Journal of Pharmacy & Pharmaceutics
Evaluation of Antibiotic Prescription for Upper Respiratory Tract Infections in the Community Pharmacy Setting
Department of Pharmaceutical Sciences, CiiEM (Interdisciplinary Research Centre Egas Moniz), Portugal
Filipa Alves da Costa, Pharm D, PhD, CiiEM (Interdisciplinary Research Centre Egas Moniz) Assistant Professor, Instituto Superior de Ciências da Saúde Egas Moniz (ISCSEM), Portugal, E-mail: firstname.lastname@example.org
da Costa, F.A., et al. Evaluation of Antibiotic Prescription for Upper Respiratory Tract Infections in the Community Pharmacy Setting. (2015) J Pharm Pharmaceutics 2(1): 1-6.
© 2015 da Costa, F.A. This is an Open access article distributed under the terms of Creative Commons Attribution 4.0 International License.
KeywordsURTI; Antibiotics; Resistance
Objectives: To empirically classify the etiology of URTI; to study the prescription pattern for antibiotics in URTI; and to analyze the necessity and adequacy of prescribed therapy.
Study design: Observational non analytical cross-sectional study.
Study sites: Two community pharmacies located in Almada and in Elvas.
Study population: Patients with an antibiotic prescription for a URTI (self use) and age greater than or equal to 18 years.
Methods: Clinical and therapeutic data were collected during patient observation performed by a training pharmacist, and complemented with information collected through a questionnaire administered face-to-face to patients meeting the inclusion criteria and agreeing to participate. Empirical classifications were developed, one to ascertain the probability of URTI, based on Centor criteria, and another, to judge the need for antibiotic therapy, based on additional criteria considering subpopulations known to be at higher risk. Data was analyzed using the software SPSS, version 20.0.

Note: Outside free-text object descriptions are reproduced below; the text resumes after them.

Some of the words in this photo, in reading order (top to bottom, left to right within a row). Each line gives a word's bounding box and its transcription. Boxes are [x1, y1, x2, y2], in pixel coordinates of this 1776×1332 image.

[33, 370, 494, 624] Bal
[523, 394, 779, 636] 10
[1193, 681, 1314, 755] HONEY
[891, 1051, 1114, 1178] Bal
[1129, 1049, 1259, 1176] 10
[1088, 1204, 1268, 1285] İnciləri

Results: The sample included 22 patients (27.3% recruited in Almada and 72.7% in Elvas). The most frequently prescribed antibiotic class was macrolides (54.5%), followed by penicillins (36.4%). In the first group, clarithromycin prevailed (66.7%) and in the second group, the more common was the association amoxicillin/clavulanic acid (75%). Considering the empirical classification developed, it was estimated that only one patient (4.5%) presented signs and symptoms suggestive of URTI with probable bacterial aetiology, and only three patients (13.6%) had an indication for antimicrobial therapy.
Conclusion: The majority of patients observed were classified as having infections with apparently non-bacterial aetiology, for which the prescription of antibiotic would have been probably needless. This alerts to the overuse of antibiotics in the community setting, particularly for URTI, and its contribution to resistance.